__TASK OBJECTIVE__. An exact copy of every entry is needed, without any of the pictures.

__Stored data__.
Segment Open
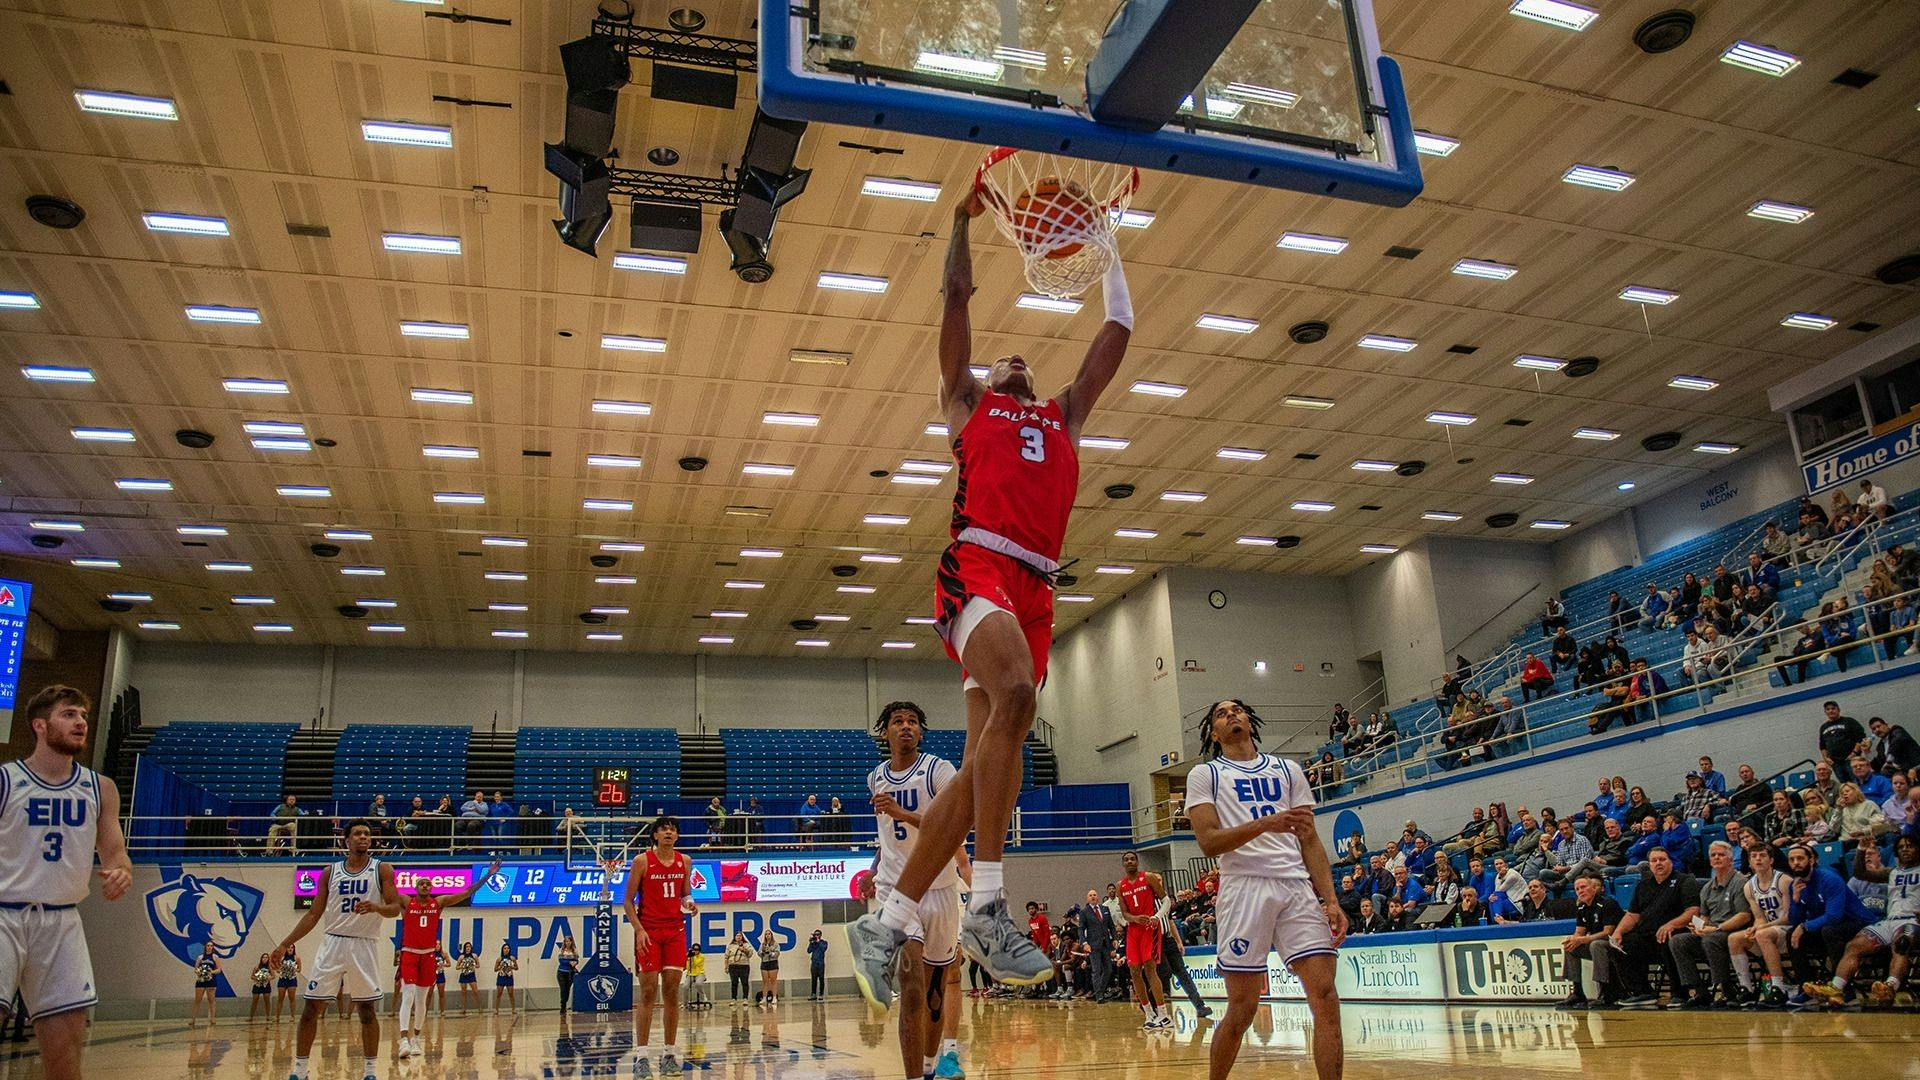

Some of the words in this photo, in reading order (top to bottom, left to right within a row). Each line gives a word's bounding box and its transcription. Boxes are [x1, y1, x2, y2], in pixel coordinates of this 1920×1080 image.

[1019, 425, 1045, 463] 3
[1814, 446, 1888, 489] Home
[1895, 423, 1920, 456] of
[1706, 481, 1729, 498] WEST
[1700, 487, 1739, 511] BALCONY
[601, 770, 627, 780] 11:24
[1233, 777, 1282, 802] EIU
[24, 798, 86, 827] EIU
[893, 819, 907, 840] 5
[43, 832, 63, 862] 3
[760, 861, 845, 875] slumberland
[396, 872, 465, 888] fitess
[525, 869, 544, 885] 12
[1894, 874, 1919, 887] EIU
[337, 879, 368, 895] EIU
[663, 881, 675, 898] 11
[1901, 886, 1906, 899] 1
[511, 894, 522, 903] TO
[527, 892, 535, 902] 4
[558, 894, 565, 903] 6
[1132, 894, 1139, 907] 1
[1758, 896, 1779, 911] EIU
[419, 915, 428, 928] 0
[598, 904, 610, 968] PANTHERS
[1360, 950, 1387, 965] Sarah
[1391, 948, 1417, 964] Bush
[1491, 948, 1567, 984] HOTE
[1361, 964, 1420, 986] Lincoln
[1492, 984, 1532, 996] UNIQUE
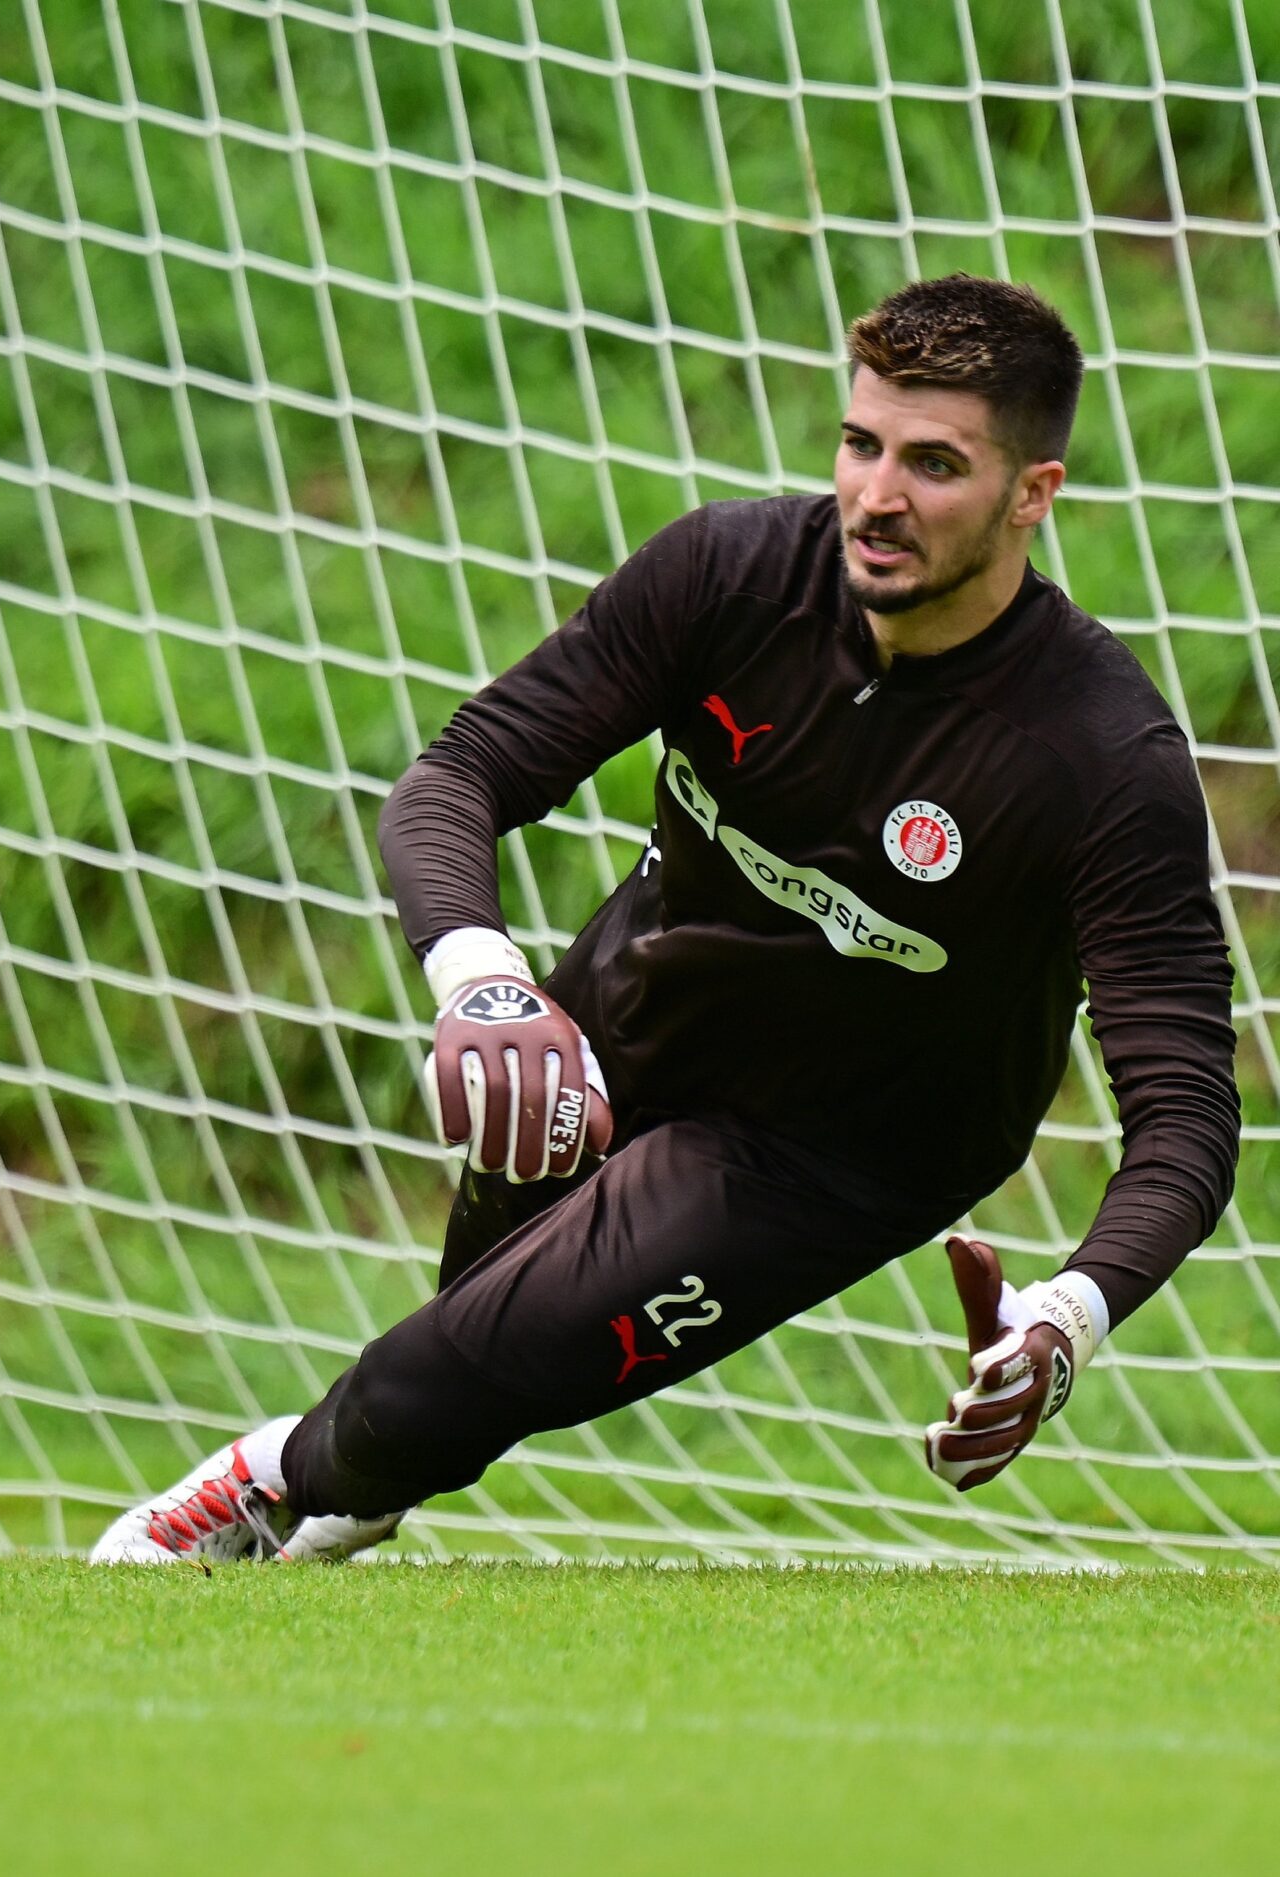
Segment Closed
__WRITTEN ANSWER__.
Some of the words in this photo, in reading order (top to bottom, left to right within a row). Each line gives a word's bounding box and its transcription. Boxes are [x1, y1, x2, y2], in pixel coordinates of this 1920×1080 image.

[1019, 425, 1045, 463] 3
[1814, 446, 1888, 489] Home
[1895, 423, 1920, 456] of
[1706, 481, 1729, 498] WEST
[1700, 487, 1739, 511] BALCONY
[601, 770, 627, 780] 11:24
[1233, 777, 1282, 802] EIU
[24, 798, 86, 827] EIU
[893, 819, 907, 840] 5
[43, 832, 63, 862] 3
[760, 861, 845, 875] slumberland
[396, 872, 465, 888] fitess
[525, 869, 544, 885] 12
[1894, 874, 1919, 887] EIU
[337, 879, 368, 895] EIU
[663, 881, 675, 898] 11
[1901, 886, 1906, 899] 1
[511, 894, 522, 903] TO
[527, 892, 535, 902] 4
[558, 894, 565, 903] 6
[1132, 894, 1139, 907] 1
[1758, 896, 1779, 911] EIU
[419, 915, 428, 928] 0
[598, 904, 610, 968] PANTHERS
[1360, 950, 1387, 965] Sarah
[1391, 948, 1417, 964] Bush
[1491, 948, 1567, 984] HOTE
[1361, 964, 1420, 986] Lincoln
[1492, 984, 1532, 996] UNIQUE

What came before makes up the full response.